"I feel sure you wrong him there; it's true I don't know your husband as well as I know you, my dear, but I assure you that amongst men he has the reputation of a man of honour."
"Man of honour meaning, I presume, one who won't cheat another man but will cheat a woman."
"Oh, come! that's a bit sweeping."
"The men who know Bel know how he's been treating me—all New York knows! If he treated them as treacherously, would they call him a man of honour?" Willis gave a vague gesture of deprecation, and Lucinda laughed a little, but not in mirth. "Women are at least more honest among themselves; if a woman knows another who isn't playing fair with her husband, she either keeps quiet about it or calls her a cat, and lets it go at that—she doesn't call her a woman of honour."
"You don't think it would be worth while," Willis suggested as one in duty bound, "to forgive Bellamy, give him another chance?"
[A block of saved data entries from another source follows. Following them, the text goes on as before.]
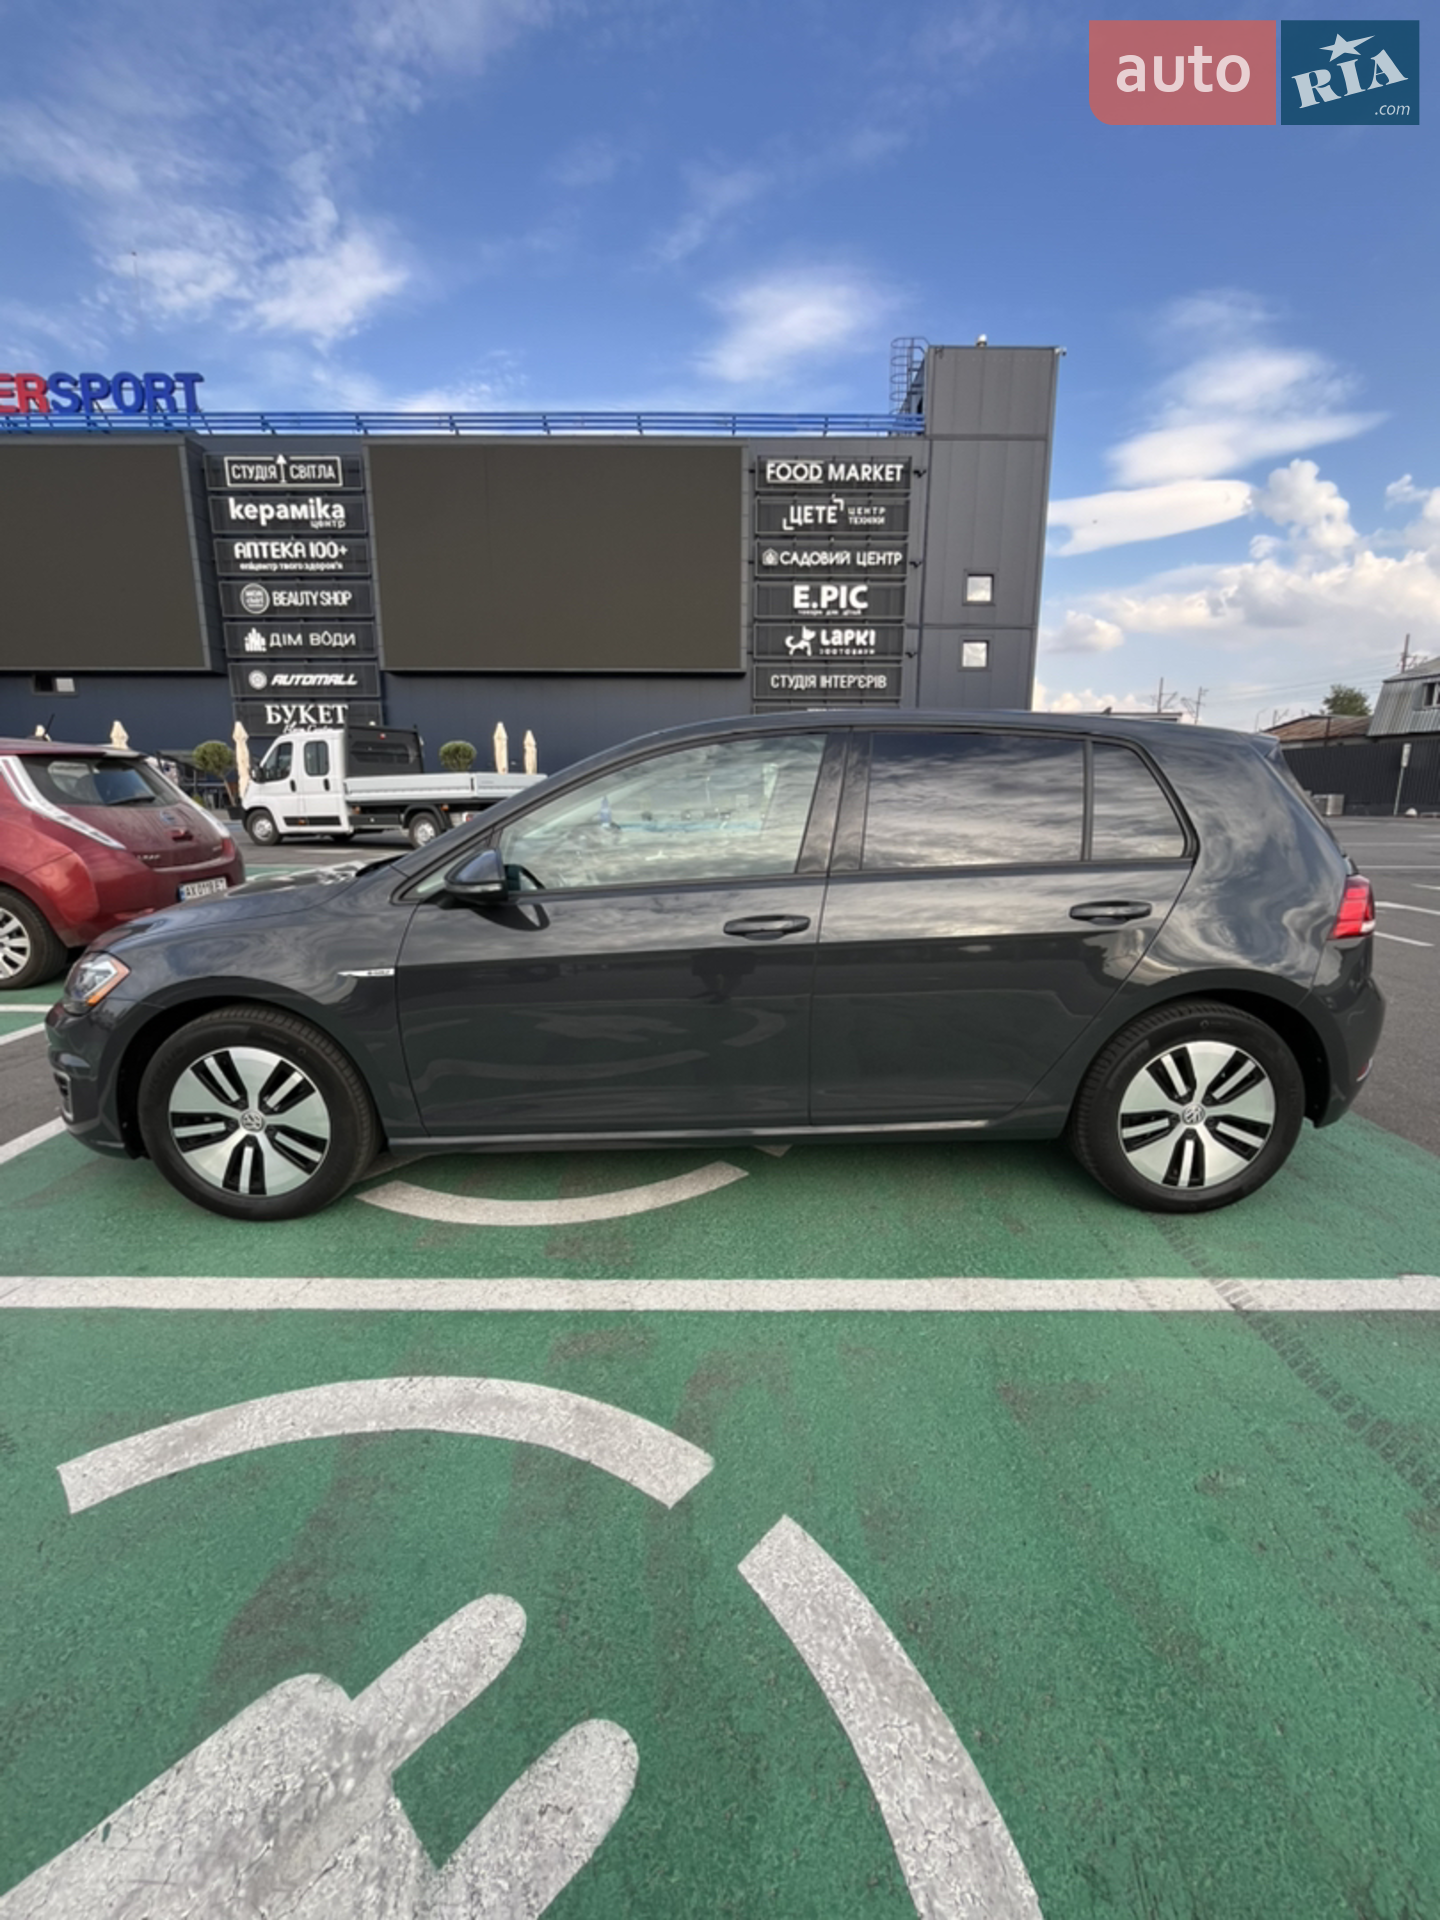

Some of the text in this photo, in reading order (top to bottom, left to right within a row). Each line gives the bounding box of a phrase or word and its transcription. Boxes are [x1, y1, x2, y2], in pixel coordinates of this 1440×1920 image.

[231, 464, 336, 481] СТУДІЯ СВІТЛА
[766, 463, 904, 482] FOOD MARKET
[233, 541, 348, 559] АПТЕКА 100+
[779, 550, 903, 567] САДОВИЙ ЦЕНТР
[272, 590, 318, 607] BEAUTY
[320, 590, 352, 606] SHOP
[793, 584, 869, 609] E.PIC
[269, 631, 356, 647] ДІМ ВОДИ
[271, 673, 358, 686] AUTOMALL
[771, 674, 817, 690] СТУДІЯ
[265, 704, 348, 725] БУКЕТ
"I don't know I've got anything to forgive him, Mr. Willis. Bel did the best he could. And that's the whole trouble. Why should I forgive him for being true to himself? It's myself I can't forgive, because I was silly enough to let him go on as long as I did, making me a laughing-stock.... Besides, I'm not so sure it's good for us to be forgiven our sins; we're all such vain creatures, we're too apt to take forgiveness as a license to misbehave still more.... Don't you see?"
"I see you are beginning to formulate a philosophy of life."
"Isn't it about time?"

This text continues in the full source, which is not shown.